[Source information]
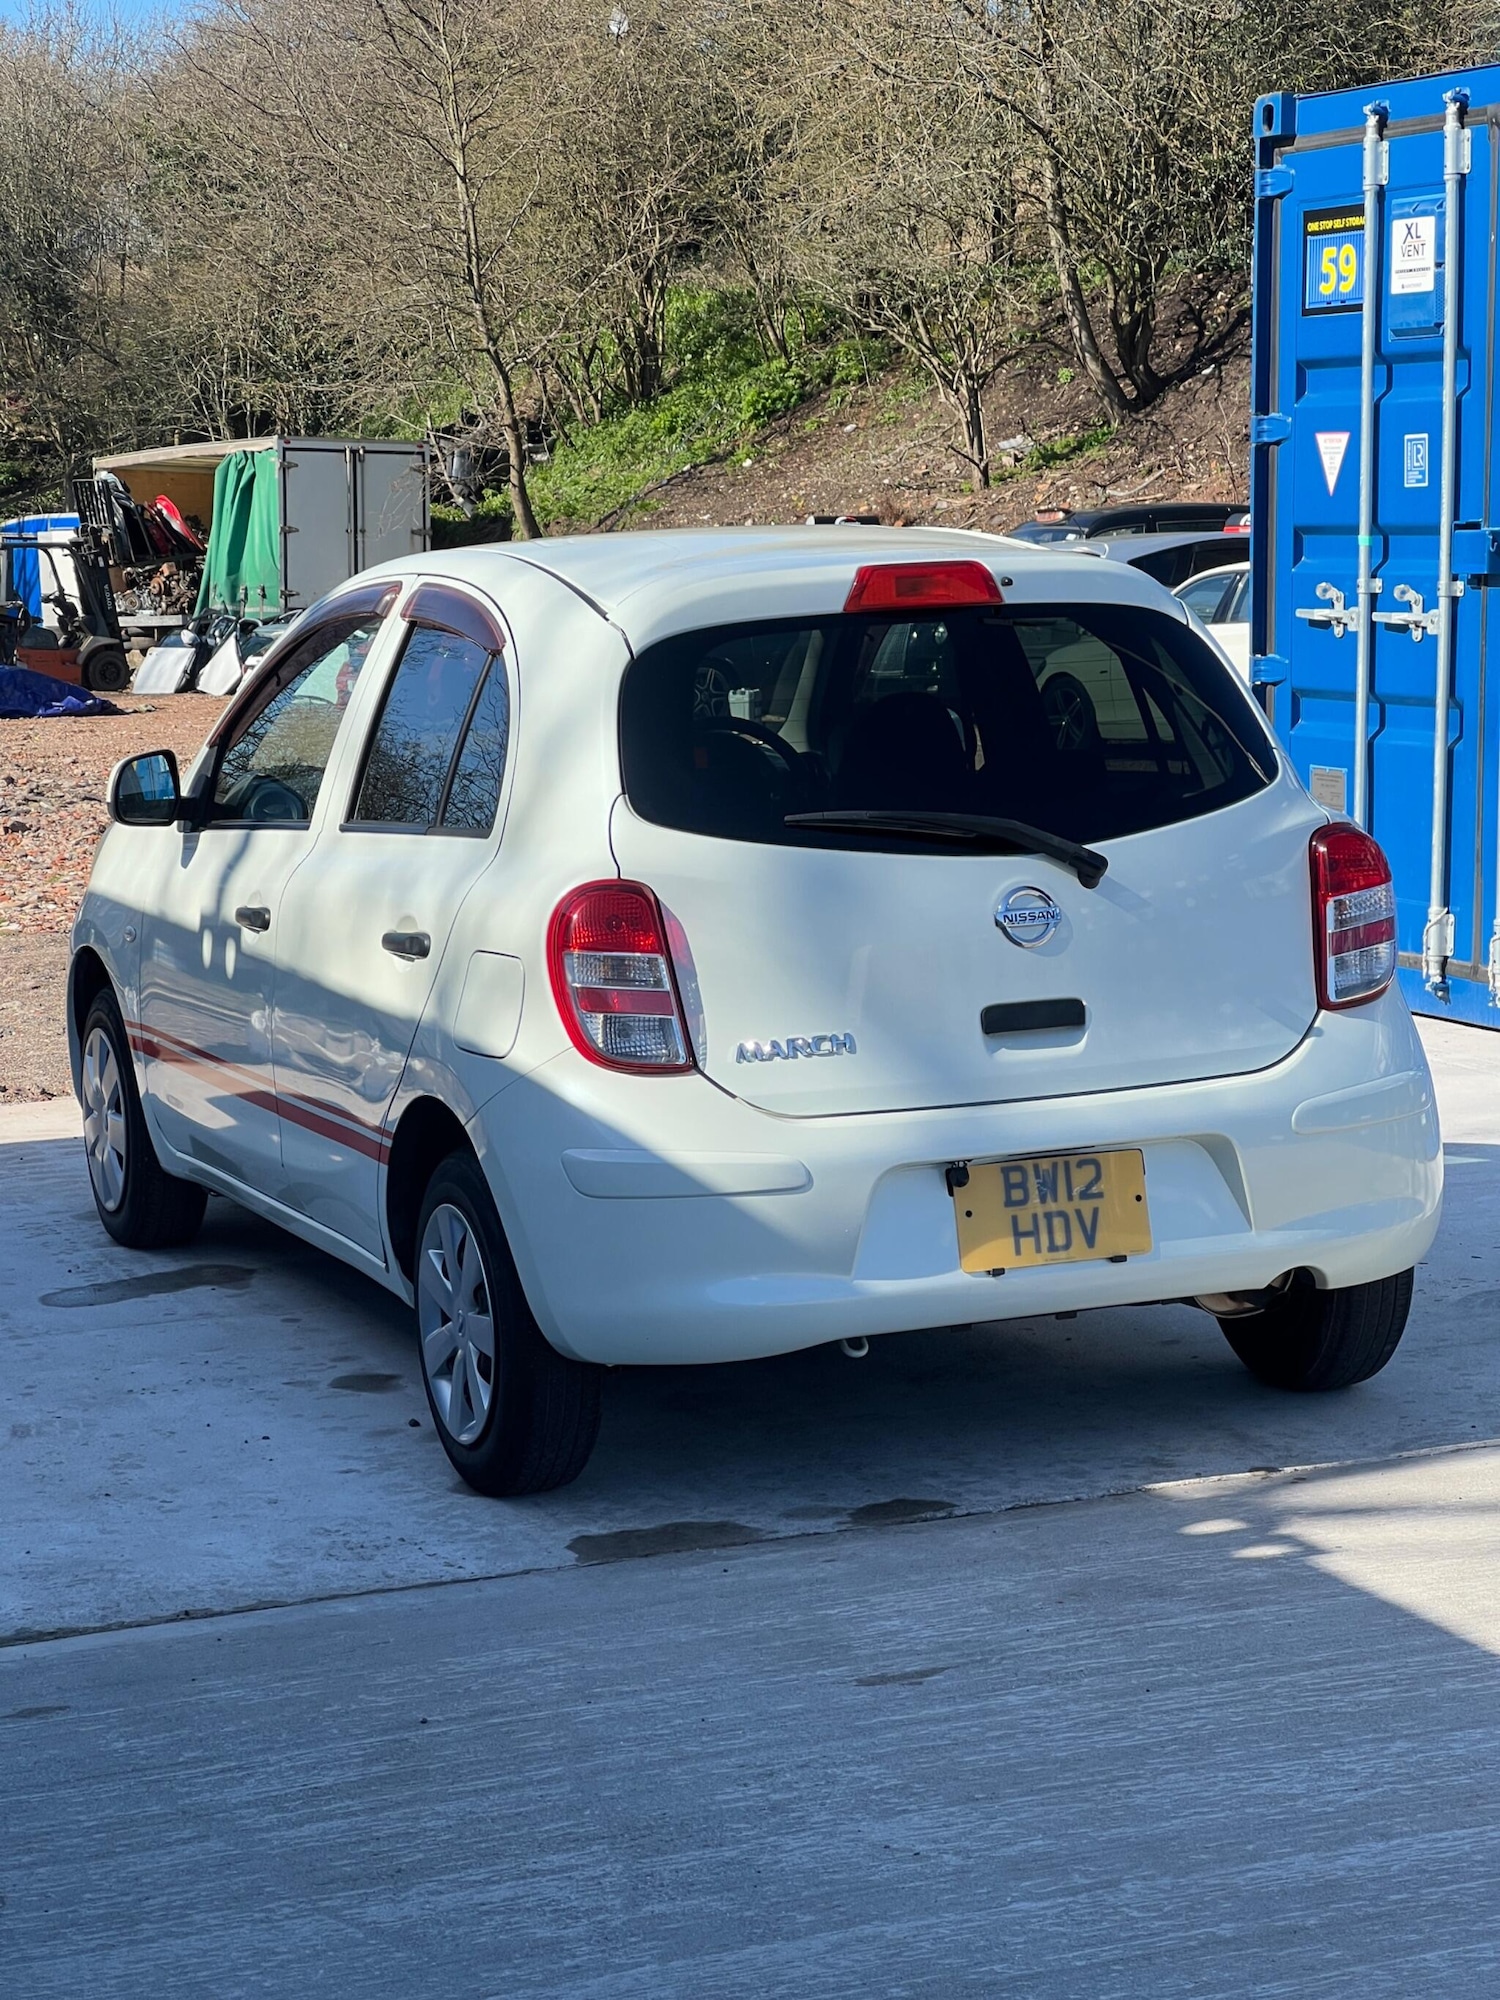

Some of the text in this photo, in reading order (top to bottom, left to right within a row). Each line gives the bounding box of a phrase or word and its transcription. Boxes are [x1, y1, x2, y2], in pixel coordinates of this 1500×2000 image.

[1307, 215, 1366, 232] ONE STOP SELF STORA
[1403, 222, 1421, 244] XL
[1401, 243, 1426, 258] VENT
[1319, 243, 1357, 294] 59
[104, 584, 112, 610] TOYOTA
[1003, 910, 1056, 923] NISSAN
[736, 1033, 857, 1065] MARCH
[1000, 1157, 1105, 1208] BW12
[1011, 1206, 1100, 1256] HDV
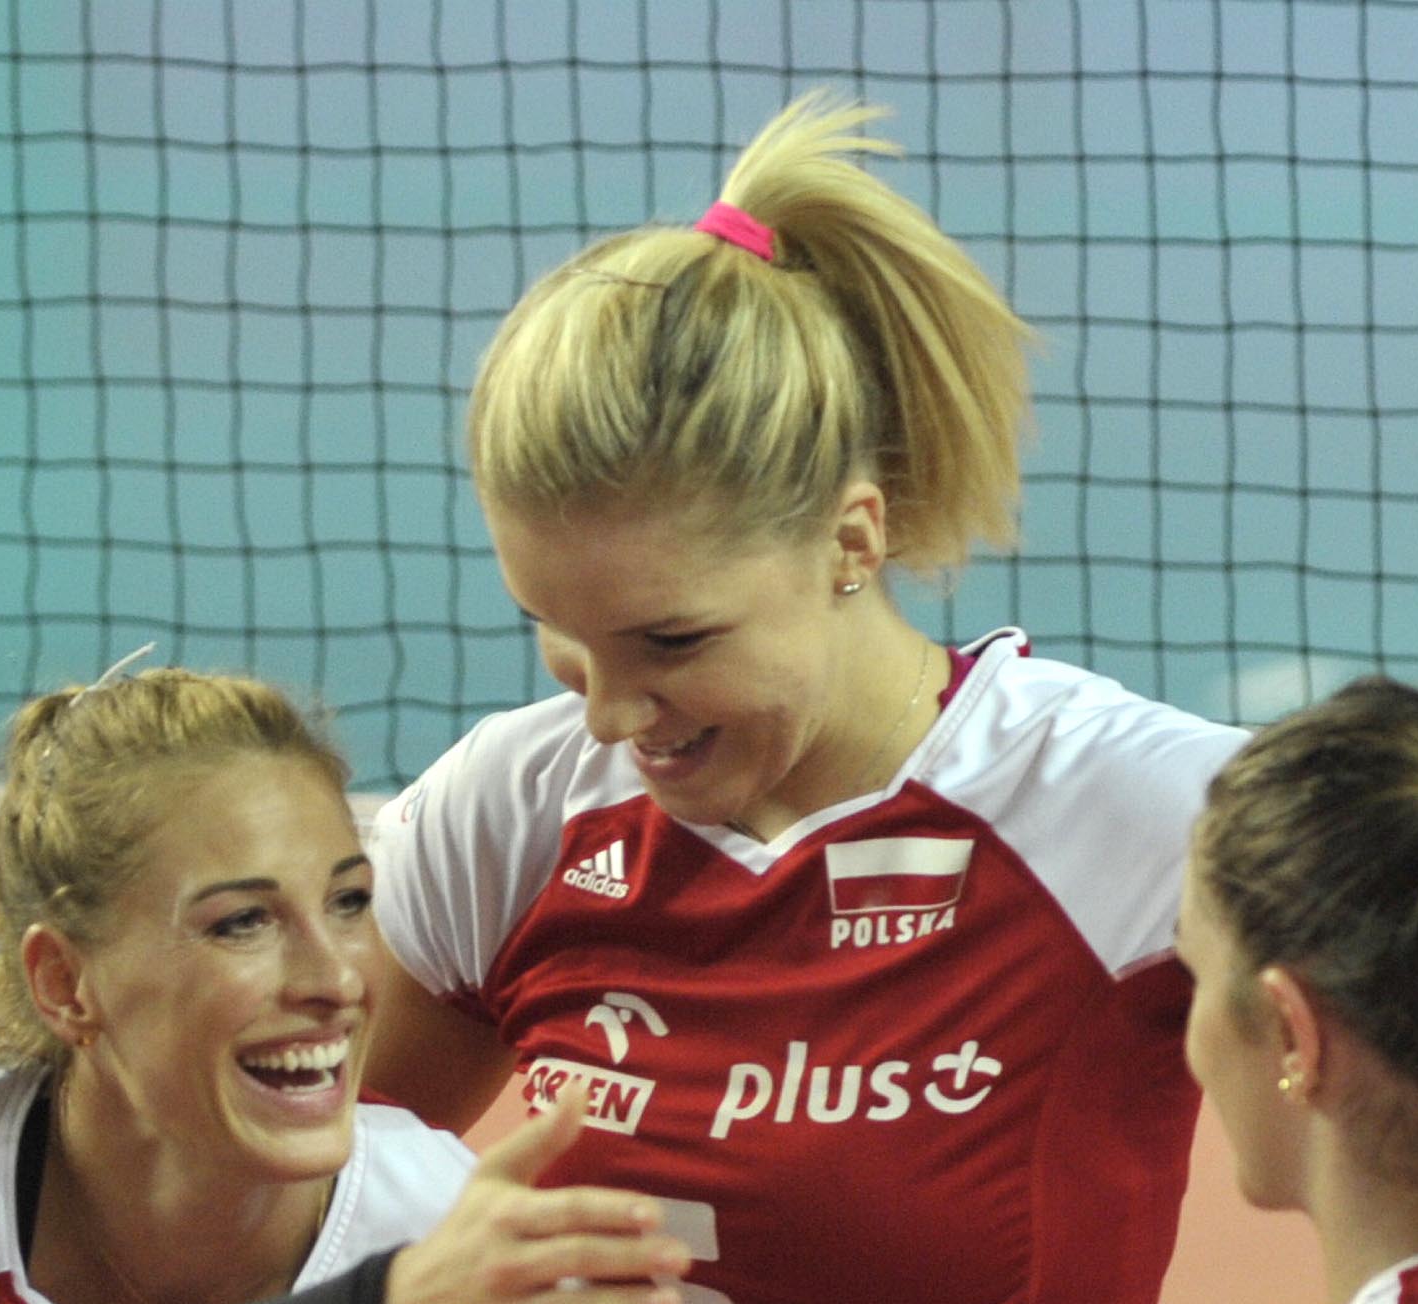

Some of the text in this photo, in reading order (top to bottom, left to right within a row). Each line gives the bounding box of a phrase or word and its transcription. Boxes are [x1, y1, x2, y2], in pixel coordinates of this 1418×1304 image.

[562, 867, 629, 899] adidas
[830, 906, 956, 949] POLSKA
[709, 1040, 912, 1140] plus
[/Source information]
§ **Assignment**:
Omit each image and transcribe the remaining records word for word.

§ **Problem solution**:
Some of the text in this photo, in reading order (top to bottom, left to right within a row). Each line gives the bounding box of a phrase or word and its transcription. Boxes are [x1, y1, x2, y2], in pixel coordinates of this 1500×2000 image.

[1307, 215, 1366, 232] ONE STOP SELF STORA
[1403, 222, 1421, 244] XL
[1401, 243, 1426, 258] VENT
[1319, 243, 1357, 294] 59
[104, 584, 112, 610] TOYOTA
[1003, 910, 1056, 923] NISSAN
[736, 1033, 857, 1065] MARCH
[1000, 1157, 1105, 1208] BW12
[1011, 1206, 1100, 1256] HDV

Some of the text in this photo, in reading order (top to bottom, left to right within a row). Each line gives the bounding box of a phrase or word and its transcription. Boxes are [x1, y1, x2, y2], in pixel coordinates of this 1418×1304 image.

[562, 867, 629, 899] adidas
[830, 906, 956, 949] POLSKA
[709, 1040, 912, 1140] plus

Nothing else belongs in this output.